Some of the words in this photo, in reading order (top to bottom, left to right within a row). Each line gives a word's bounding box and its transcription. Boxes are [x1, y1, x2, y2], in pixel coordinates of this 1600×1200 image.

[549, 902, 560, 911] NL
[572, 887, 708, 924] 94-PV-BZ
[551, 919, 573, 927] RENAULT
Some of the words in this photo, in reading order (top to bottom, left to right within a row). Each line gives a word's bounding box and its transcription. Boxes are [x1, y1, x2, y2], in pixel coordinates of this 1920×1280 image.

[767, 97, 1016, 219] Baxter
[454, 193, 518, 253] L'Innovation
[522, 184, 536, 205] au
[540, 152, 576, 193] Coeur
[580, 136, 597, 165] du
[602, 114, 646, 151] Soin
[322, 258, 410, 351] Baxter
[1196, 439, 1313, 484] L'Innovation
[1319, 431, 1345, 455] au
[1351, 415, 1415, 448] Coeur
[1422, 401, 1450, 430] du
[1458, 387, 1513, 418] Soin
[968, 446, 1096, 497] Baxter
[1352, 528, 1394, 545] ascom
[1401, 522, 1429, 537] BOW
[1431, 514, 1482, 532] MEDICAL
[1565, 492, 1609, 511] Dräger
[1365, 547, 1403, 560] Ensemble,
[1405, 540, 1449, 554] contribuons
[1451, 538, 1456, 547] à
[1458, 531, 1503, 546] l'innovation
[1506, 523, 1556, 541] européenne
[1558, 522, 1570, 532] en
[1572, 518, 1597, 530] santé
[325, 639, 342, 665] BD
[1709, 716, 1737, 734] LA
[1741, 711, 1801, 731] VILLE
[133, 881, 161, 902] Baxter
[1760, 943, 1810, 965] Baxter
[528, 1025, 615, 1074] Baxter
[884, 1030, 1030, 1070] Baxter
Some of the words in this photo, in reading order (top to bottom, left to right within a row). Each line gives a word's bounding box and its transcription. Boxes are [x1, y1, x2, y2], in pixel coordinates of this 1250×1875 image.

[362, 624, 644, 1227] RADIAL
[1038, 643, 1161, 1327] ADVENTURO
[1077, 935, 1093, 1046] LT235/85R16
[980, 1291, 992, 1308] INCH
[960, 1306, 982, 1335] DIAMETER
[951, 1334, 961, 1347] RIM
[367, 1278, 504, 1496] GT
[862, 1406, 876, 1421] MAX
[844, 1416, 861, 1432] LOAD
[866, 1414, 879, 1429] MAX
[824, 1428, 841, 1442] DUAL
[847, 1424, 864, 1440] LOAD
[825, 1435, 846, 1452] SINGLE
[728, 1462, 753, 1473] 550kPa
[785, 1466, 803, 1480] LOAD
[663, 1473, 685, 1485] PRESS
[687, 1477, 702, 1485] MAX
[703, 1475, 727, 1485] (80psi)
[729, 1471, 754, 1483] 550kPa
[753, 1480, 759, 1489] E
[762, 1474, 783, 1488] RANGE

====

- _ASSIGNMENT_:
Copy out each entry once more, character for character.

- _SOLUTION FOR THIS TASK_:
Some of the words in this photo, in reading order (top to bottom, left to right within a row). Each line gives a word's bounding box and its transcription. Boxes are [x1, y1, x2, y2], in pixel coordinates of this 1600×1200 image.

[549, 902, 560, 911] NL
[572, 887, 708, 924] 94-PV-BZ
[551, 919, 573, 927] RENAULT
Some of the words in this photo, in reading order (top to bottom, left to right within a row). Each line gives a word's bounding box and its transcription. Boxes are [x1, y1, x2, y2], in pixel coordinates of this 1920×1280 image.

[767, 97, 1016, 219] Baxter
[454, 193, 518, 253] L'Innovation
[522, 184, 536, 205] au
[540, 152, 576, 193] Coeur
[580, 136, 597, 165] du
[602, 114, 646, 151] Soin
[322, 258, 410, 351] Baxter
[1196, 439, 1313, 484] L'Innovation
[1319, 431, 1345, 455] au
[1351, 415, 1415, 448] Coeur
[1422, 401, 1450, 430] du
[1458, 387, 1513, 418] Soin
[968, 446, 1096, 497] Baxter
[1352, 528, 1394, 545] ascom
[1401, 522, 1429, 537] BOW
[1431, 514, 1482, 532] MEDICAL
[1565, 492, 1609, 511] Dräger
[1365, 547, 1403, 560] Ensemble,
[1405, 540, 1449, 554] contribuons
[1451, 538, 1456, 547] à
[1458, 531, 1503, 546] l'innovation
[1506, 523, 1556, 541] européenne
[1558, 522, 1570, 532] en
[1572, 518, 1597, 530] santé
[325, 639, 342, 665] BD
[1709, 716, 1737, 734] LA
[1741, 711, 1801, 731] VILLE
[133, 881, 161, 902] Baxter
[1760, 943, 1810, 965] Baxter
[528, 1025, 615, 1074] Baxter
[884, 1030, 1030, 1070] Baxter
Some of the words in this photo, in reading order (top to bottom, left to right within a row). Each line gives a word's bounding box and its transcription. Boxes are [x1, y1, x2, y2], in pixel coordinates of this 1250×1875 image.

[362, 624, 644, 1227] RADIAL
[1038, 643, 1161, 1327] ADVENTURO
[1077, 935, 1093, 1046] LT235/85R16
[980, 1291, 992, 1308] INCH
[960, 1306, 982, 1335] DIAMETER
[951, 1334, 961, 1347] RIM
[367, 1278, 504, 1496] GT
[862, 1406, 876, 1421] MAX
[844, 1416, 861, 1432] LOAD
[866, 1414, 879, 1429] MAX
[824, 1428, 841, 1442] DUAL
[847, 1424, 864, 1440] LOAD
[825, 1435, 846, 1452] SINGLE
[728, 1462, 753, 1473] 550kPa
[785, 1466, 803, 1480] LOAD
[663, 1473, 685, 1485] PRESS
[687, 1477, 702, 1485] MAX
[703, 1475, 727, 1485] (80psi)
[729, 1471, 754, 1483] 550kPa
[753, 1480, 759, 1489] E
[762, 1474, 783, 1488] RANGE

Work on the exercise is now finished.